NM: To the point of having fewer fucks to give?
SA:
Exactly, I'm starting to embrace that. There's so much I disagree with and want to oppose, but it's difficult because you're in constant battle with these ideals and yourself. It's a constant internal battle. I want to be at a place where I embrace it and stay in that place.

NM: Can we talk about your album Big Anonymous? How did you decide on that title?
SA:
There's an amazing Swedish writer, named Sara Stridsberg. A few years back, I read all her books and was struck by her way of moving through time and place, between the living and the dead. It started up a process in me that had to do with death and the people I’ve lost in my life, how I keep meeting them in my dreams and felt like the grief and thoughts of death were still very present. Her books reminded me of that. Somewhere she talks about the “big anonymous”. When I read that, I realised I wanted to write about this because the memories of those I’ve lost, burdened by the guilt of surviving, had haunted me. I felt like I needed redemption, a place for unsaid things to be said. That’s what this album is about.

NM: Did you consciously decide to make this album a form of therapy?
SA:
It wasn't as if I set out to do therapy. But maybe I did it subconsciously. I put myself in the place of the people I've lost, especially my father, as there was so much unsaid in our relationship. I needed to enact his perspective, to say the things I thought he wanted to say. It’s like taking on different roles—myself as a child, myself as my father. His sudden passing left me questioning if he was bitter about not living and exploring that worked for me. It made me think about my own mortality and life. It wasn’t just about him anymore, but about me learning not to repeat mistakes, to express love, and to avoid secrets. Death taught me this.

NM: Do you feel free now after completing this album?
SA:
I used to have a lot of dreams where he kept appearing, saying I had killed him or that he’d never really died. These dreams were really disturbing, but I haven't had them since the album. It was a way to feel what he felt and experience different emotions. So it did become therapeutic for me in the end, almost like a performance, and it made me reflect on the power of art.

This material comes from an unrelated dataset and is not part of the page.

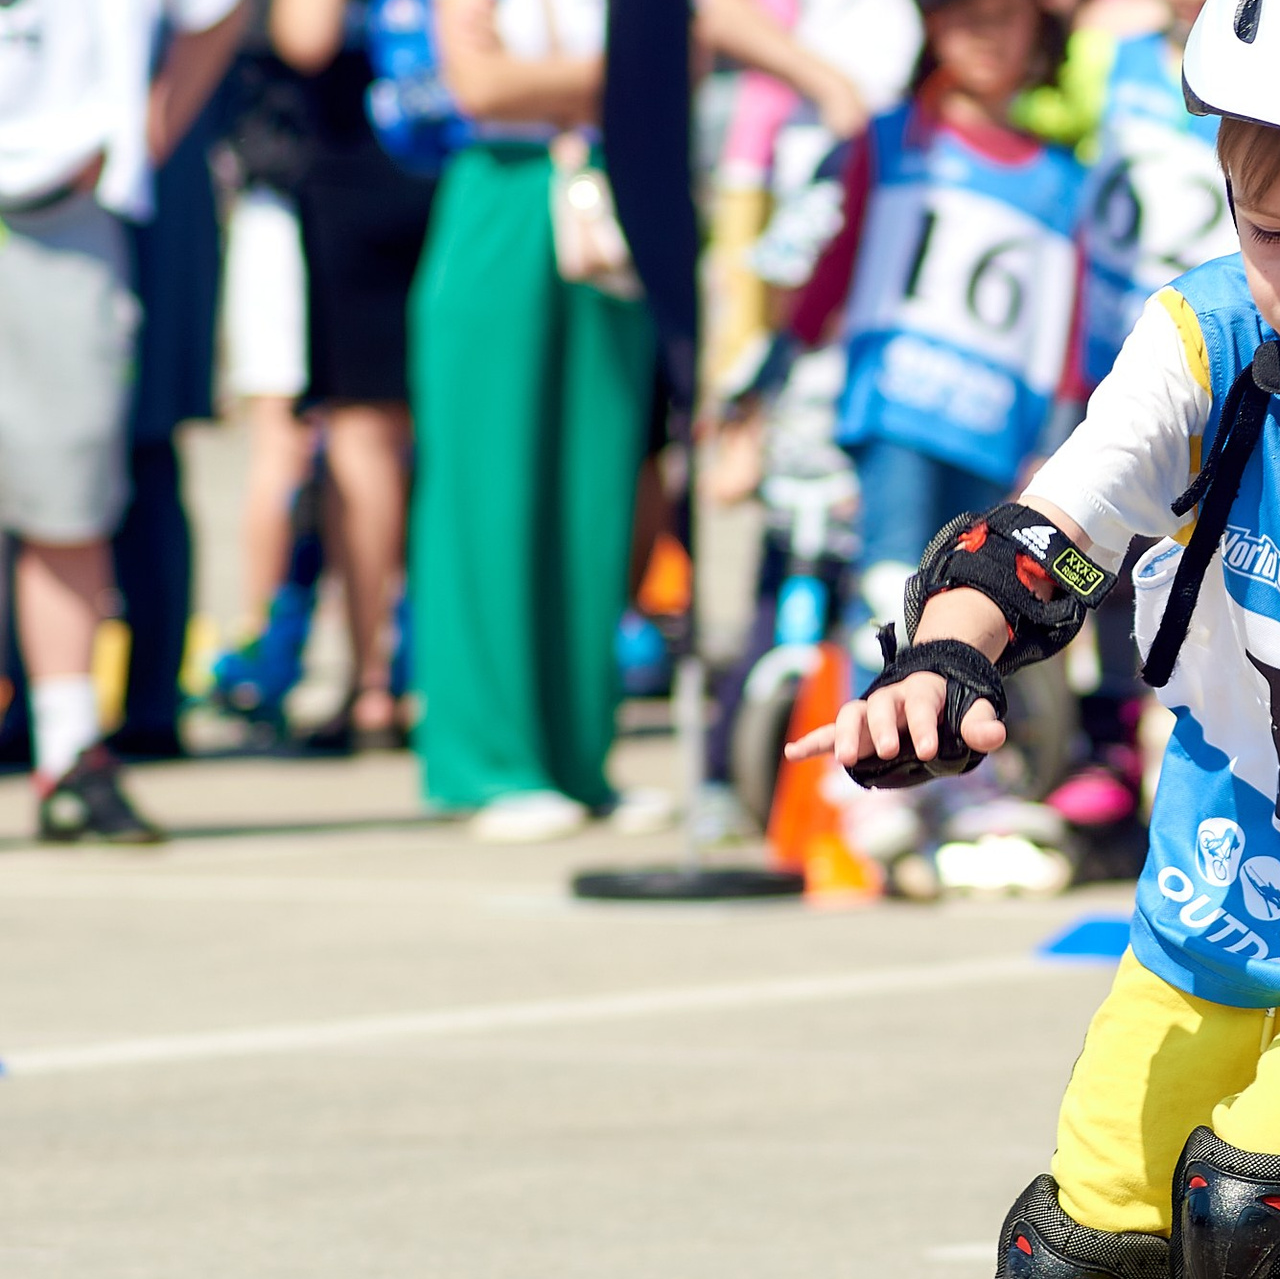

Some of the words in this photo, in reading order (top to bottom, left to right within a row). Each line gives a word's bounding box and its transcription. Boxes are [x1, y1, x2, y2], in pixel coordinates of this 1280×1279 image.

[905, 209, 1024, 335] 16
[1061, 565, 1087, 588] RIGHT
[1066, 553, 1098, 583] XXXS

NM: It started as a performance, right?
SA:
Yes, I was asked to create a performance for the Royal Dramatic Theatre in collaboration with the Royal Opera. I worked with the choreographer Hlin Hjálmarsdóttir, two dancers, and my musicians. I knew I wanted to work with my death theme so I put myself and everyone else in this limbo, underworld state. I would go to Hlin with the music, and she would shape dance patterns that inspired new ideas. It was a wonderful collaboration and the album wouldn't sound the same without it. Discussing death and grief with people was wonderful because we often avoid discussing loss, thinking it would bring everyone down, but that's not always the case. Through making art and performances we explored boundaries. What if we could meet and talk about these things? Like if my father appeared and we had a conversation, it might have been relieving and amazing, ending with us both feeling happy. That’s what I was after.

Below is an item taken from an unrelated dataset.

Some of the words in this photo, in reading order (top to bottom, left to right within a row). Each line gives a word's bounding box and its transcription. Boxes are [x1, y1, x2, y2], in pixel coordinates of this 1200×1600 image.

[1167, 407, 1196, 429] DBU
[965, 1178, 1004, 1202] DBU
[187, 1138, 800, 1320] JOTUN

NM: Like a sort of liberation?
SA:
Absolutely. I felt I was bringing to life all of the horrors and dreams that haunted me. I believe in speaking about what terrifies you the most because that's the only way to be liberated. Loss and grief can distort your ideas and for a long time, I thought I just had to live with it because my father did. We were quite similar, and his grief distorted him. When I lost him, I felt it was happening to me too. Making the album was my way of rejecting that legacy. My album is about bringing out the ghosts, the monsters and seeing them for what they are, accepting them, and realising that maybe in the end, it’s just about love.

NM: When you mentioned seeing your dad in your dreams, it made me think of therapy schools that believe every person in your dreams is a part of you. Maybe when you tried to kill him, it was a side of yourself you tried to suppress. Did this album help you befriend that side?
SA:
I believe that 100%. Because it was written as a performance, I found the courage to do it, I felt like I could have these conversations. I don’t know if I would have done it if it was “just” an album. So maybe it took the performance and the production to make me brave enough to go there.

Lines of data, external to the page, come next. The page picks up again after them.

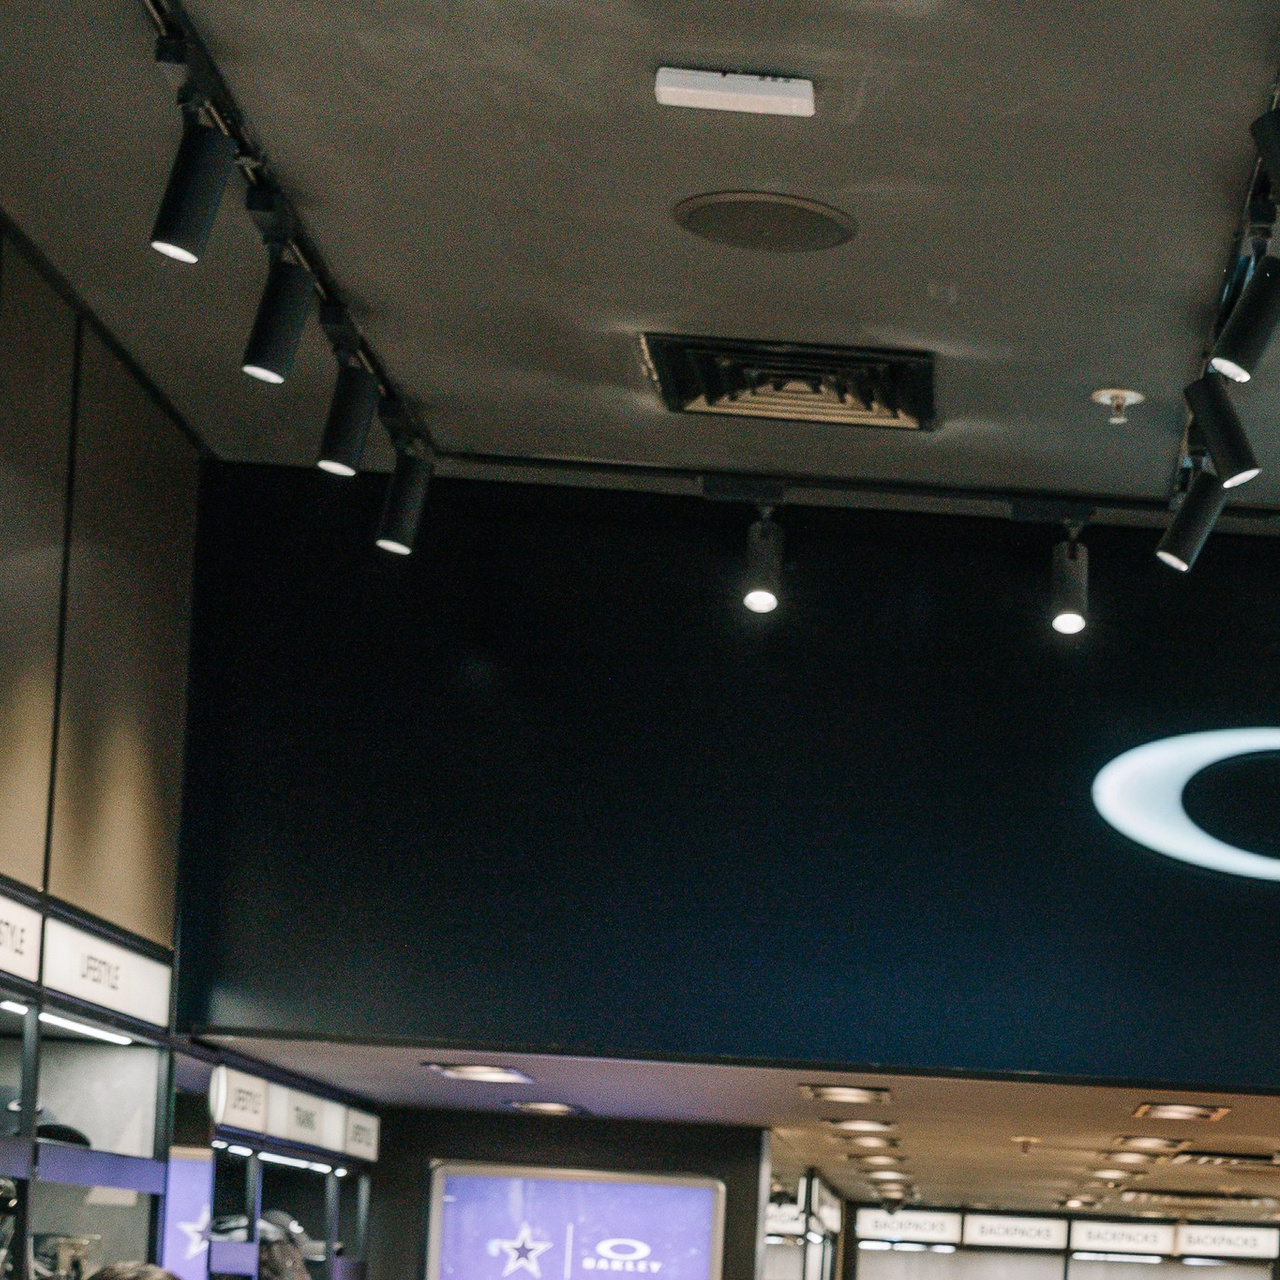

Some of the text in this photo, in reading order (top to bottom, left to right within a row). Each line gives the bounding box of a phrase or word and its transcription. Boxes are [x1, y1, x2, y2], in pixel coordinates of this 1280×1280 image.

[873, 1218, 947, 1233] BACKPACKS
[979, 1224, 1053, 1239] BACKPACKS
[1085, 1230, 1158, 1245] BACKPACKS
[1186, 1234, 1258, 1249] BACKPACKS
[582, 1256, 662, 1273] OAKLEY

NM: Can we talk about visuals and the three characters that complement the album and the movie?
SA:
To start, the performance was a close collaboration with a dear friend of mine, Nicole Walker, a stylist and art director. We've been working together for a long time and she played a big part in the performance as well. We both had a similar urge to explore this theme, so we drew from our different experiences and fears. The visuals for the album artwork were centred on three characters: me as a girl, my father, and a monster representing complex feelings about death. We wanted to make an art horror movie to tell the story of the album and we did it intuitively, the way we always work.

NM: Did you have a pre-prepared script?
SA:
We did, in some ways. We knew what the characters wanted, but we let fate and chance guide us. For this film, we went to Scotland, travelling to different places that we hoped would be right. There was a strong experience filming a song called “Cold Dark Pond”, a conversation between me and my father. We came across a lake, and while filming, it suddenly started snowing, even though the sky was blue. It was a profound moment for me. It felt like he was telling me to let go. I feel like I'm putting myself into those situations with my work, almost as if entrusting it to chance. That's what it's all about. I've realised that this approach also applies to how we recorded the album – it was very much on chance. And it’s a new experience because I’ve always been a bit of a control freak. I’ve learned to trust the people around me. When you trust, you can let things happen. If you rigidly hold on to control, the chance of something wonderful happening is minimal. You have to be in a certain place to be free, which relates to growing older, having experience, and trusting your gut feeling. I used to take pride in being a control freak, but realising these things with this project and album has done a lot of good things for me and my work. I'm really thankful for it.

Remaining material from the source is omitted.